:: WORK TASK ::
Keep the pictures out of your copy. Transcribe the records below exactly.

START DATASET EXTRACT

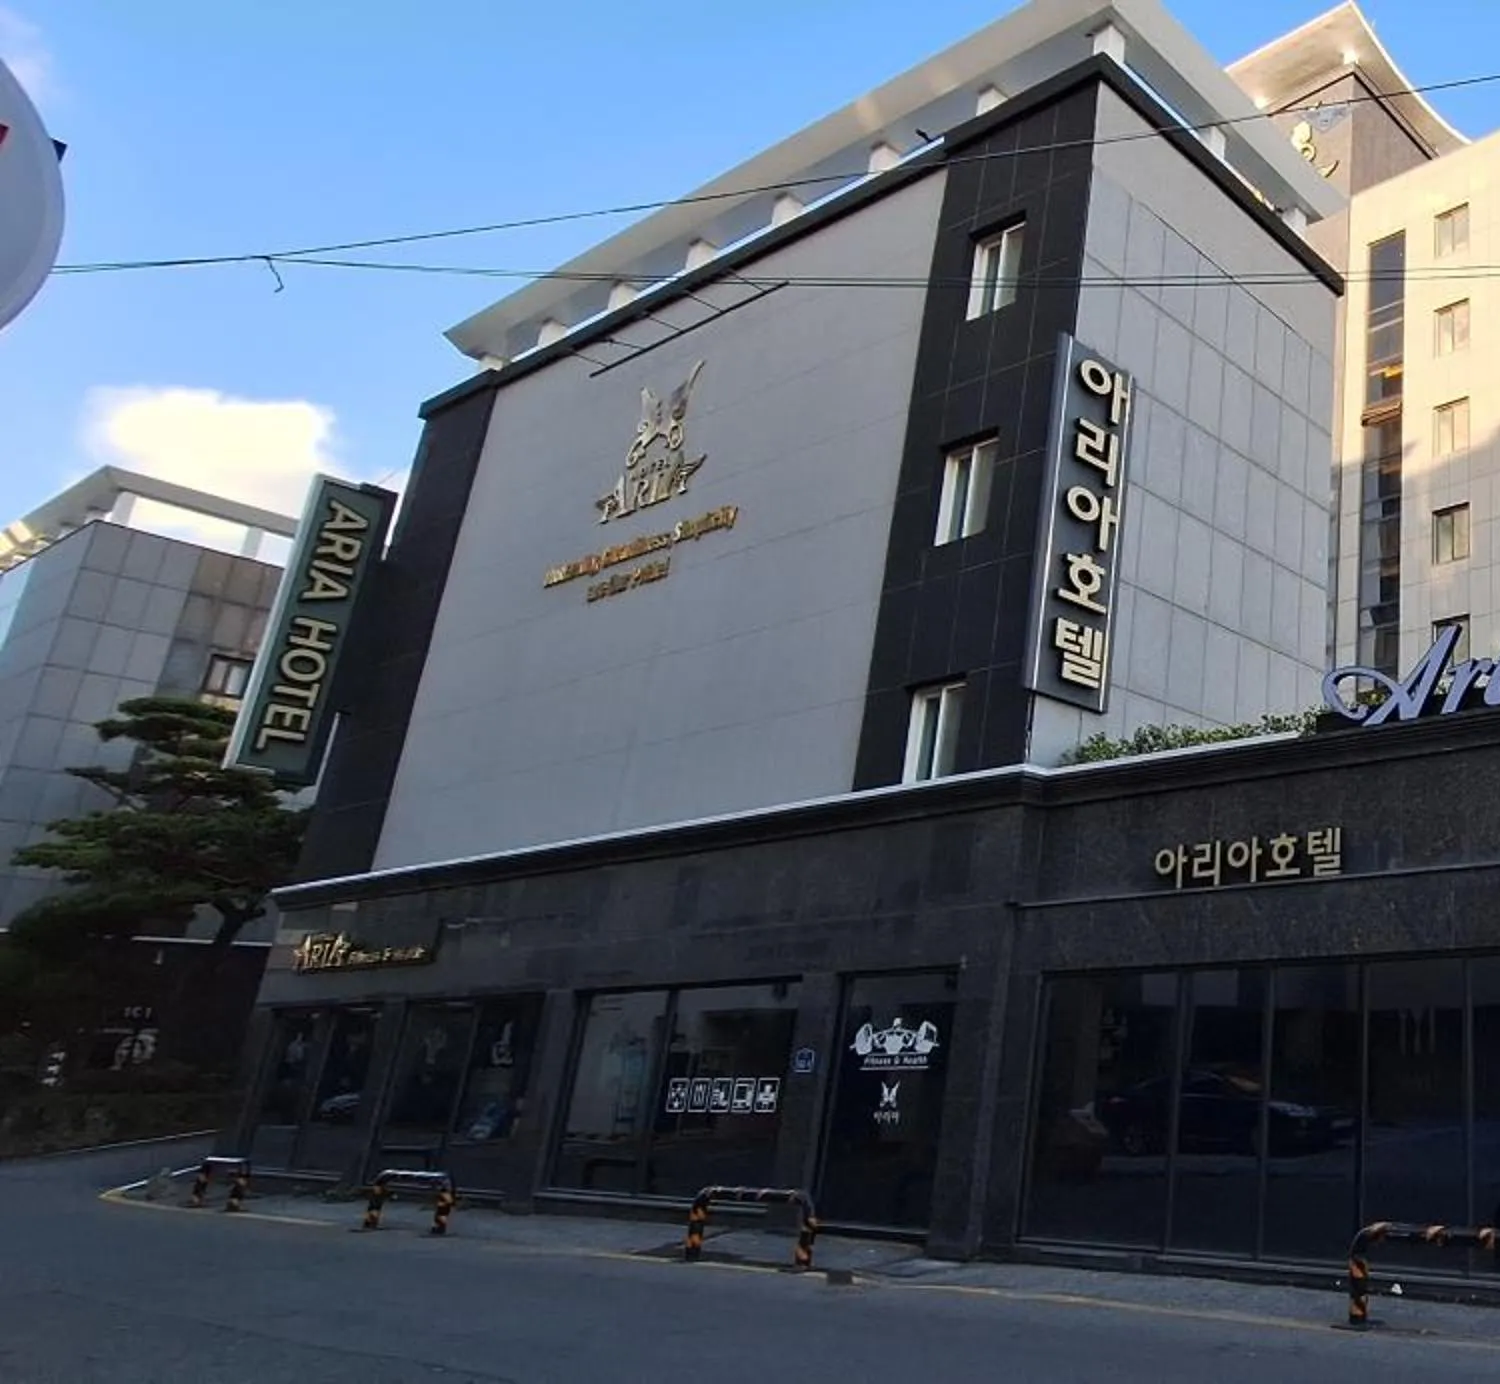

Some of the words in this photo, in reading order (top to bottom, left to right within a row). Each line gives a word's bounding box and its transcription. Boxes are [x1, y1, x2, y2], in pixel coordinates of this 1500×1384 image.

[596, 452, 707, 525] ARIA
[1055, 358, 1129, 690] 아리아호텔
[302, 500, 369, 600] ARIA
[256, 616, 338, 750] HOTEL
[1154, 827, 1342, 890] 아리아호텔
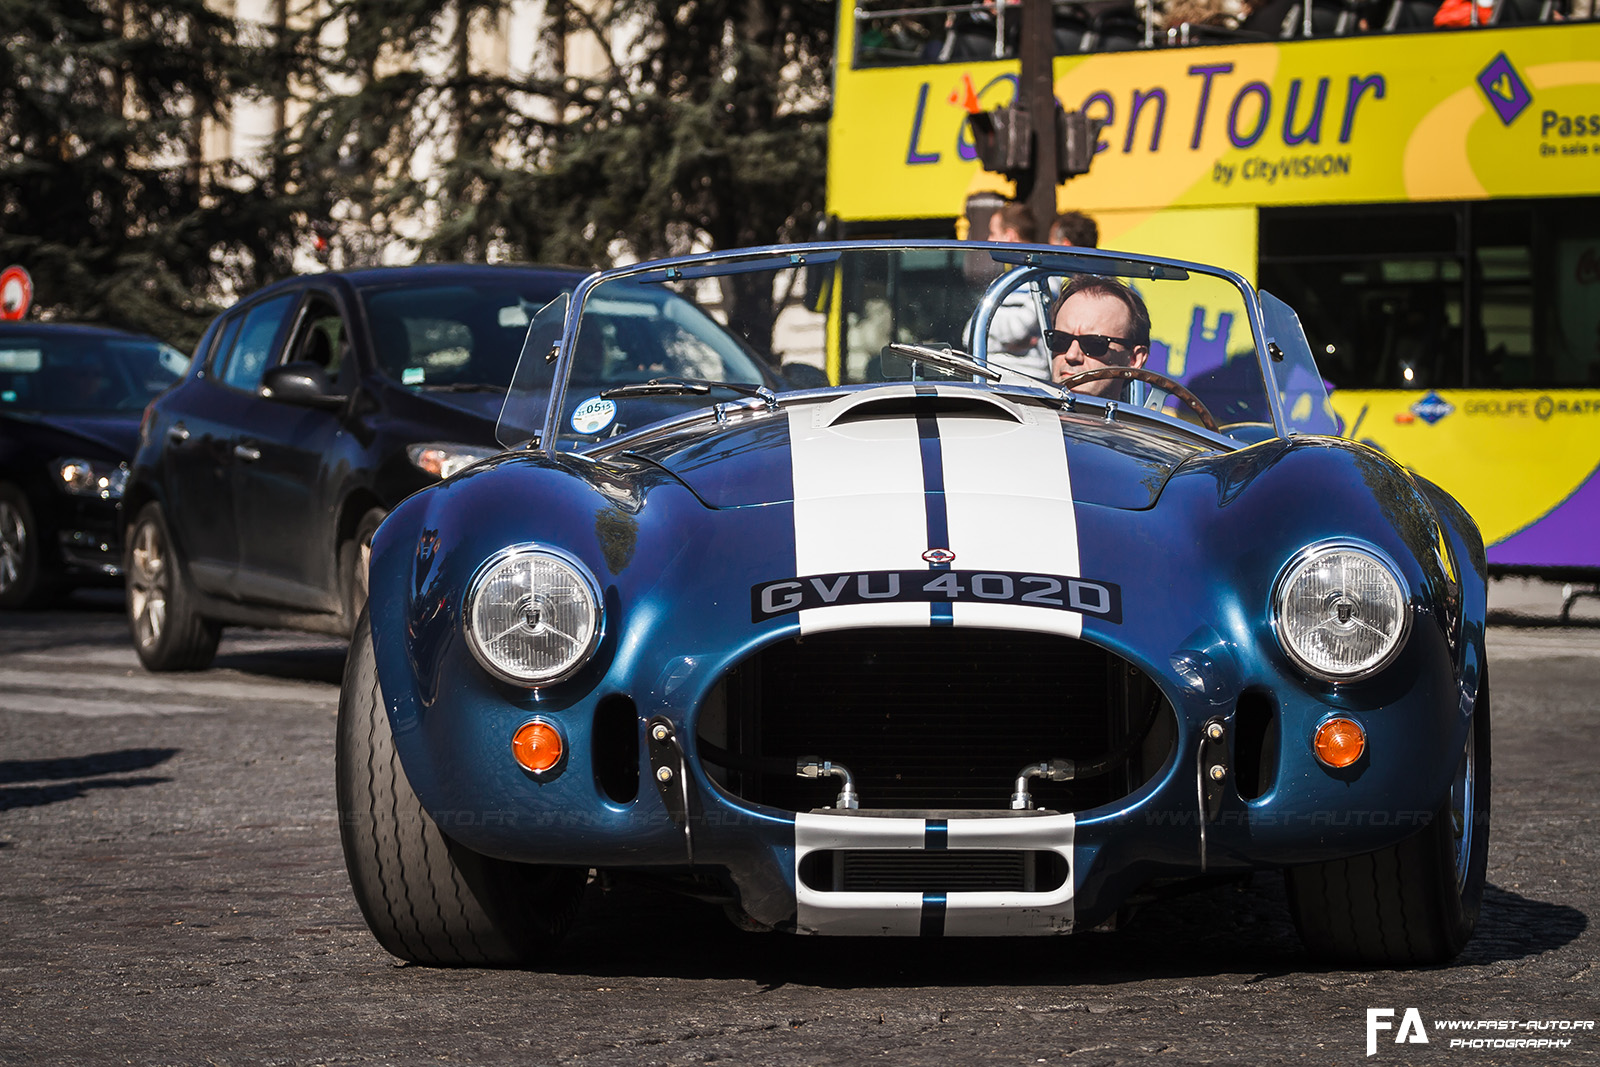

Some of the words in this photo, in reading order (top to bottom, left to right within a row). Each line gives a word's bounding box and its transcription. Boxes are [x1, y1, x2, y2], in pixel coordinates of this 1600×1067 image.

END DATASET EXTRACT

:: RESULT ::
Some of the words in this photo, in reading order (top to bottom, left to right within a row). Each line gives a word's bounding box and its transcription. Boxes are [x1, y1, x2, y2], in pixel coordinates of this 1500×1384 image.

[596, 452, 707, 525] ARIA
[1055, 358, 1129, 690] 아리아호텔
[302, 500, 369, 600] ARIA
[256, 616, 338, 750] HOTEL
[1154, 827, 1342, 890] 아리아호텔

Some of the words in this photo, in reading order (top to bottom, left to right within a row). Each line gives a word's bounding box and its transcription. Boxes are [x1, y1, x2, y2], in pixel coordinates of this 1600×1067 image.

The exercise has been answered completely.